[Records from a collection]
● ● ● ● ● ● ●

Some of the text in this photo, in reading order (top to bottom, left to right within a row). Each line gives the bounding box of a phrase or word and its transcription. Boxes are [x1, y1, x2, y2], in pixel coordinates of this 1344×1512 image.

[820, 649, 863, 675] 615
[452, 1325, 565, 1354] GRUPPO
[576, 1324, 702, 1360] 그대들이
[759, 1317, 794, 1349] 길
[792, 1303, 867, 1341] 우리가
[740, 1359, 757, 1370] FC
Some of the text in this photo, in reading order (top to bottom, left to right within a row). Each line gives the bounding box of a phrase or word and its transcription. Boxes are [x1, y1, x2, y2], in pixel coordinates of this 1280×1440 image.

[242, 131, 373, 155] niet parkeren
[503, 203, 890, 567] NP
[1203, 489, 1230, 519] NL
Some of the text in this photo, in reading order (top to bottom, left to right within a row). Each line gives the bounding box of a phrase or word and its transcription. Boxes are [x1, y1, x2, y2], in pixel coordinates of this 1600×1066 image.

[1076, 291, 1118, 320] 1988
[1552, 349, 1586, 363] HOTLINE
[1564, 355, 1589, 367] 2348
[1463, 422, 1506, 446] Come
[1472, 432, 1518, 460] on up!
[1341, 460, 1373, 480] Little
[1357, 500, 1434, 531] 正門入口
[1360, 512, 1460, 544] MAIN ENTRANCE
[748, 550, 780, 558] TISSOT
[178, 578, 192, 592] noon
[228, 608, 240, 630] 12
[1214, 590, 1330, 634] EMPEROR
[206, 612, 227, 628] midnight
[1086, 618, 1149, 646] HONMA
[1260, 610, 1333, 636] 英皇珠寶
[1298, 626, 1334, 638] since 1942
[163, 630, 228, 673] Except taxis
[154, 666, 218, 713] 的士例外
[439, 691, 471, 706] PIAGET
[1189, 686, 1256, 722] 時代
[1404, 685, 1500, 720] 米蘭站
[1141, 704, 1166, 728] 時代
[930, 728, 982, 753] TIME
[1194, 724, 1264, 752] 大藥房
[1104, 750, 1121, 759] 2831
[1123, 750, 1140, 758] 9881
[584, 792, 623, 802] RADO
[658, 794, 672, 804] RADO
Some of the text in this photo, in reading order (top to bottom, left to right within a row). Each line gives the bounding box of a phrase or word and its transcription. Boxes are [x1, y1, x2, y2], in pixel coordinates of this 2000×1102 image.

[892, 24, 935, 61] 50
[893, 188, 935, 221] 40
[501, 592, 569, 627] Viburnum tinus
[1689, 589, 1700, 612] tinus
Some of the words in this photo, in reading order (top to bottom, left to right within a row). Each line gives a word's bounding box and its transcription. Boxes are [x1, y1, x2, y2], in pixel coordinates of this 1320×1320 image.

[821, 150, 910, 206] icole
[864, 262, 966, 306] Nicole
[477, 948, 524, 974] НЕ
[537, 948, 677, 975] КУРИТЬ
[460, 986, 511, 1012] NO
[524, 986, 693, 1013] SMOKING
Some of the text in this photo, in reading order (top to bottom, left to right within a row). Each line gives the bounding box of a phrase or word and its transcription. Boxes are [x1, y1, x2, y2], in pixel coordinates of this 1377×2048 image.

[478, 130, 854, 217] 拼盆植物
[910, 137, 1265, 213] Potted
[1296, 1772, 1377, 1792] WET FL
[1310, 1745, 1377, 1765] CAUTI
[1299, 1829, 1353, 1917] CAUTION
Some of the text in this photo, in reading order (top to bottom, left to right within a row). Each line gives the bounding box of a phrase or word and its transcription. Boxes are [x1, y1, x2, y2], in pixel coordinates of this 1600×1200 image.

● ● ● ● ● ● ●

What is being asked: Give every entry back unchanged. Leave none out.

Solution to this exercise:
Some of the text in this photo, in reading order (top to bottom, left to right within a row). Each line gives the bounding box of a phrase or word and its transcription. Boxes are [x1, y1, x2, y2], in pixel coordinates of this 1344×1512 image.

[820, 649, 863, 675] 615
[452, 1325, 565, 1354] GRUPPO
[576, 1324, 702, 1360] 그대들이
[759, 1317, 794, 1349] 길
[792, 1303, 867, 1341] 우리가
[740, 1359, 757, 1370] FC
Some of the text in this photo, in reading order (top to bottom, left to right within a row). Each line gives the bounding box of a phrase or word and its transcription. Boxes are [x1, y1, x2, y2], in pixel coordinates of this 1280×1440 image.

[242, 131, 373, 155] niet parkeren
[503, 203, 890, 567] NP
[1203, 489, 1230, 519] NL
Some of the text in this photo, in reading order (top to bottom, left to right within a row). Each line gives the bounding box of a phrase or word and its transcription. Boxes are [x1, y1, x2, y2], in pixel coordinates of this 1600×1066 image.

[1076, 291, 1118, 320] 1988
[1552, 349, 1586, 363] HOTLINE
[1564, 355, 1589, 367] 2348
[1463, 422, 1506, 446] Come
[1472, 432, 1518, 460] on up!
[1341, 460, 1373, 480] Little
[1357, 500, 1434, 531] 正門入口
[1360, 512, 1460, 544] MAIN ENTRANCE
[748, 550, 780, 558] TISSOT
[178, 578, 192, 592] noon
[228, 608, 240, 630] 12
[1214, 590, 1330, 634] EMPEROR
[206, 612, 227, 628] midnight
[1086, 618, 1149, 646] HONMA
[1260, 610, 1333, 636] 英皇珠寶
[1298, 626, 1334, 638] since 1942
[163, 630, 228, 673] Except taxis
[154, 666, 218, 713] 的士例外
[439, 691, 471, 706] PIAGET
[1189, 686, 1256, 722] 時代
[1404, 685, 1500, 720] 米蘭站
[1141, 704, 1166, 728] 時代
[930, 728, 982, 753] TIME
[1194, 724, 1264, 752] 大藥房
[1104, 750, 1121, 759] 2831
[1123, 750, 1140, 758] 9881
[584, 792, 623, 802] RADO
[658, 794, 672, 804] RADO
Some of the text in this photo, in reading order (top to bottom, left to right within a row). Each line gives the bounding box of a phrase or word and its transcription. Boxes are [x1, y1, x2, y2], in pixel coordinates of this 2000×1102 image.

[892, 24, 935, 61] 50
[893, 188, 935, 221] 40
[501, 592, 569, 627] Viburnum tinus
[1689, 589, 1700, 612] tinus
Some of the words in this photo, in reading order (top to bottom, left to right within a row). Each line gives a word's bounding box and its transcription. Boxes are [x1, y1, x2, y2], in pixel coordinates of this 1320×1320 image.

[821, 150, 910, 206] icole
[864, 262, 966, 306] Nicole
[477, 948, 524, 974] НЕ
[537, 948, 677, 975] КУРИТЬ
[460, 986, 511, 1012] NO
[524, 986, 693, 1013] SMOKING
Some of the text in this photo, in reading order (top to bottom, left to right within a row). Each line gives the bounding box of a phrase or word and its transcription. Boxes are [x1, y1, x2, y2], in pixel coordinates of this 1377×2048 image.

[478, 130, 854, 217] 拼盆植物
[910, 137, 1265, 213] Potted
[1296, 1772, 1377, 1792] WET FL
[1310, 1745, 1377, 1765] CAUTI
[1299, 1829, 1353, 1917] CAUTION
Some of the text in this photo, in reading order (top to bottom, left to right within a row). Each line gives the bounding box of a phrase or word and its transcription. Boxes are [x1, y1, x2, y2], in pixel coordinates of this 1600×1200 image.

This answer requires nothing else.